### What the task asks
Output all entries verbatim. Skip pictures.

### Source data
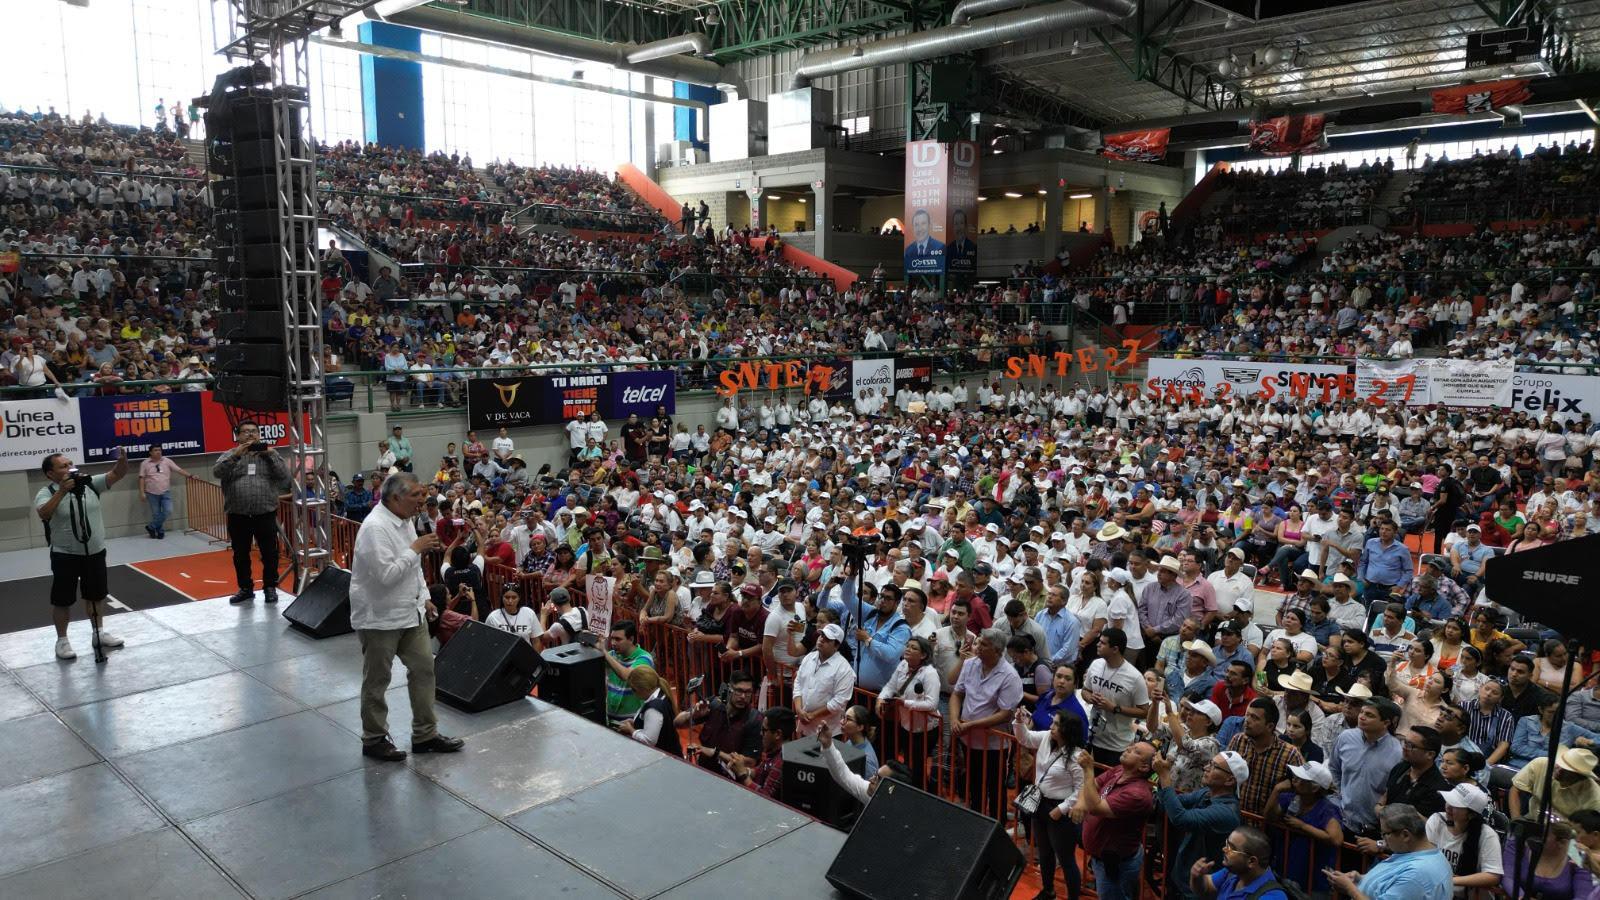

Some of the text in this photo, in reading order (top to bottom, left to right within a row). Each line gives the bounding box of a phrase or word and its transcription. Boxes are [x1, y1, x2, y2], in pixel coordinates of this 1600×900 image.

[1468, 60, 1487, 68] LOCAL
[552, 376, 608, 388] TU MARCA
[855, 378, 862, 386] el
[862, 376, 891, 386] colorado
[1512, 375, 1553, 389] Grupo
[563, 387, 598, 399] TIENE
[622, 384, 667, 404] telcel
[113, 398, 169, 412] TIENES
[1511, 388, 1582, 413] Félix
[5, 410, 54, 423] Línea
[494, 412, 507, 421] DE
[510, 411, 531, 420] VACA
[6, 421, 75, 438] Directa
[114, 411, 172, 437] AQUÍ
[88, 448, 103, 456] EN
[161, 440, 201, 450] OFICIAL
[1522, 570, 1580, 585] SHURE
[499, 624, 528, 633] STAFF
[1092, 675, 1124, 693] STAFF
[797, 770, 816, 784] 06
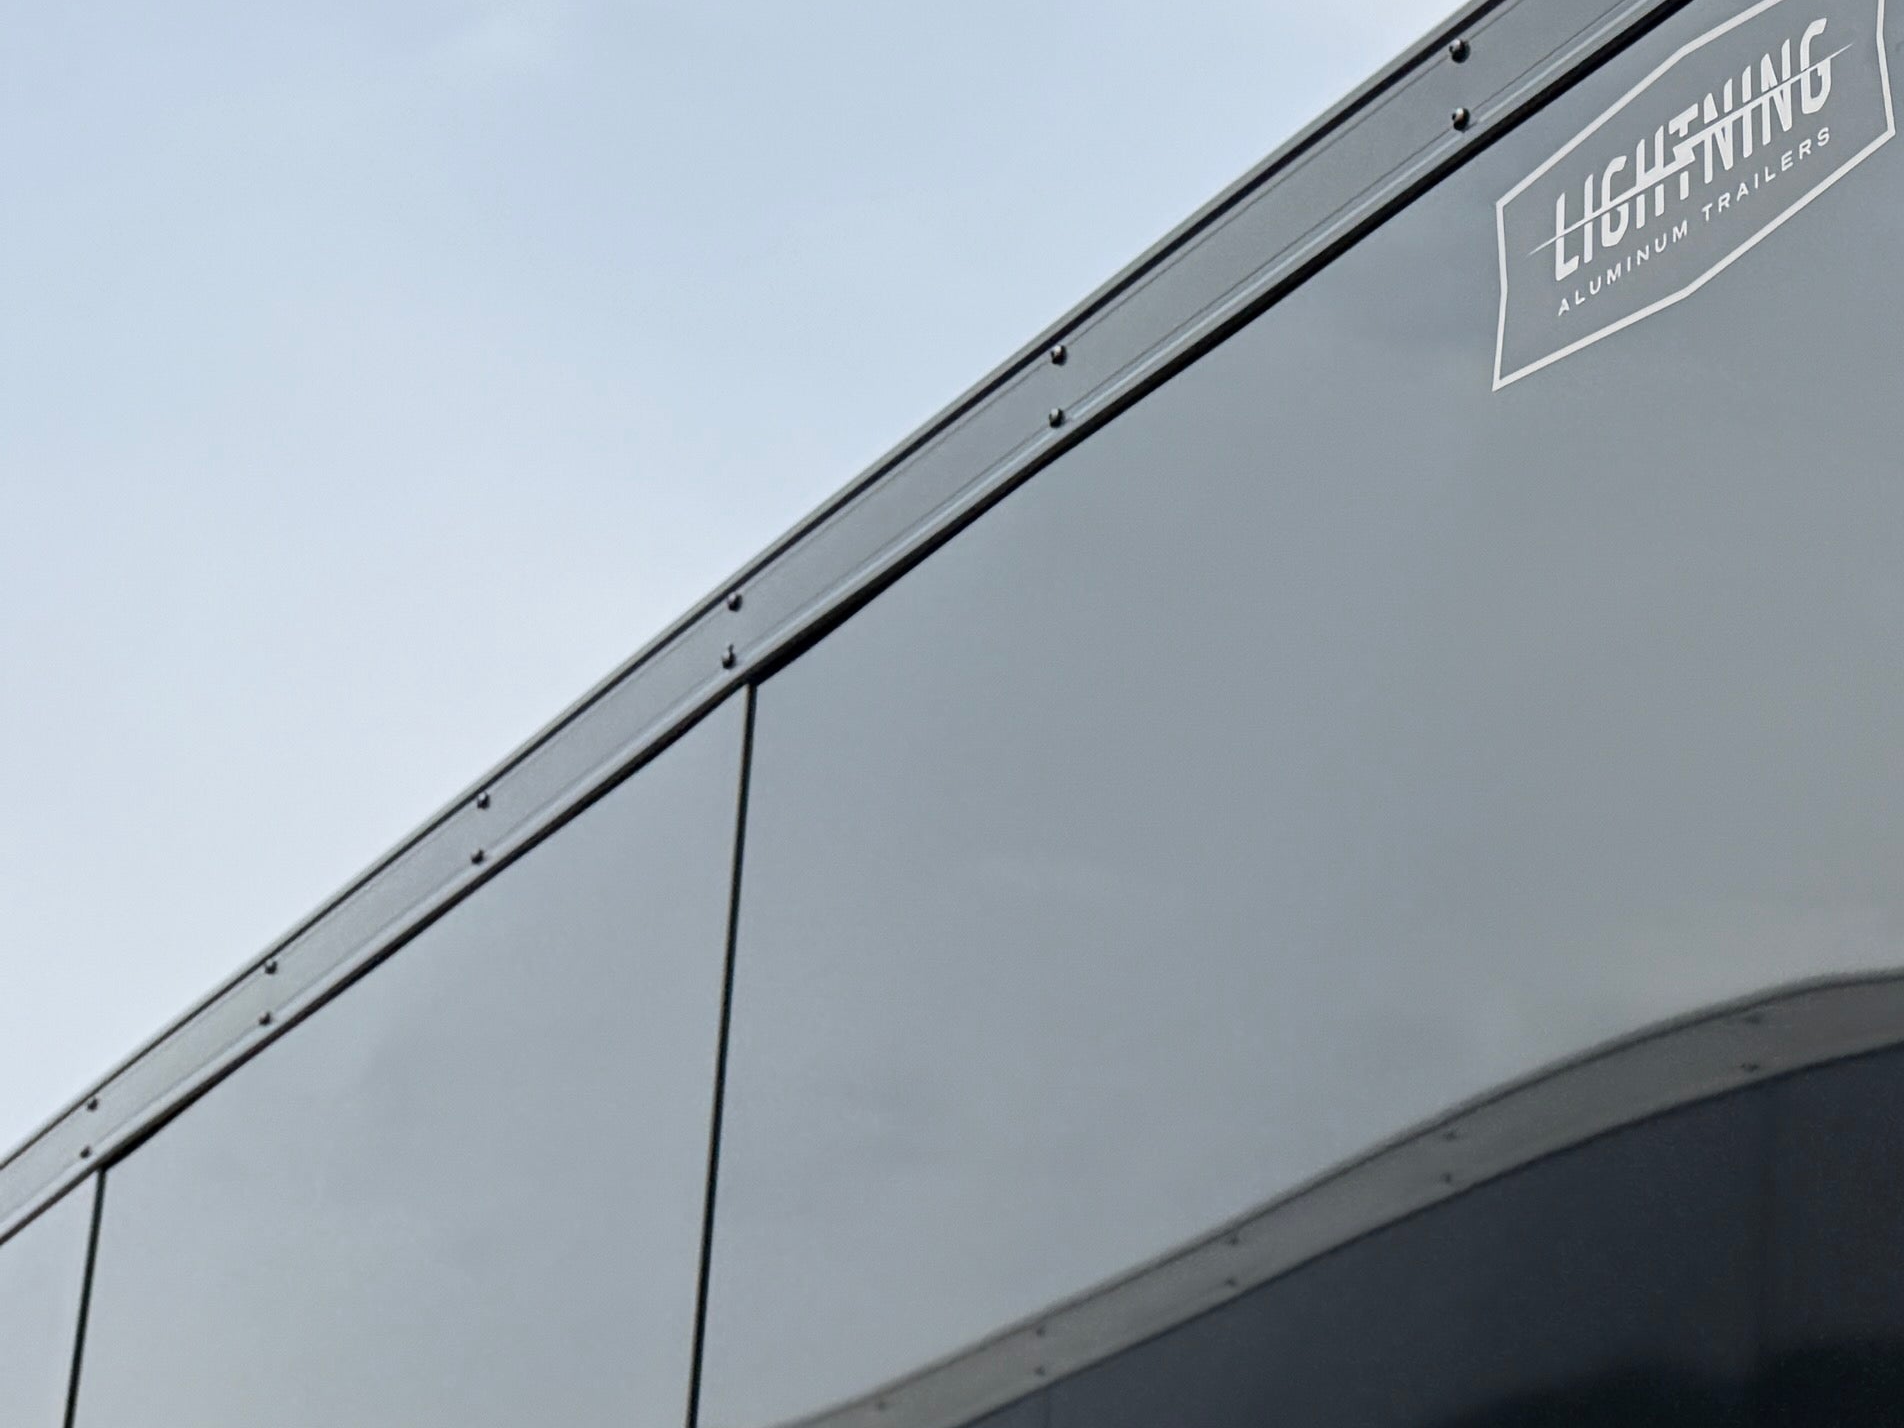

### Task result
Some of the text in this photo, in reading order (top to bottom, left to right within a row). Each line gives the bounding box of a phrase or word and its transcription. Boxes are [x1, y1, x2, y2], in pixel coordinates of this 1600×900 image.

[1468, 60, 1487, 68] LOCAL
[552, 376, 608, 388] TU MARCA
[855, 378, 862, 386] el
[862, 376, 891, 386] colorado
[1512, 375, 1553, 389] Grupo
[563, 387, 598, 399] TIENE
[622, 384, 667, 404] telcel
[113, 398, 169, 412] TIENES
[1511, 388, 1582, 413] Félix
[5, 410, 54, 423] Línea
[494, 412, 507, 421] DE
[510, 411, 531, 420] VACA
[6, 421, 75, 438] Directa
[114, 411, 172, 437] AQUÍ
[88, 448, 103, 456] EN
[161, 440, 201, 450] OFICIAL
[1522, 570, 1580, 585] SHURE
[499, 624, 528, 633] STAFF
[1092, 675, 1124, 693] STAFF
[797, 770, 816, 784] 06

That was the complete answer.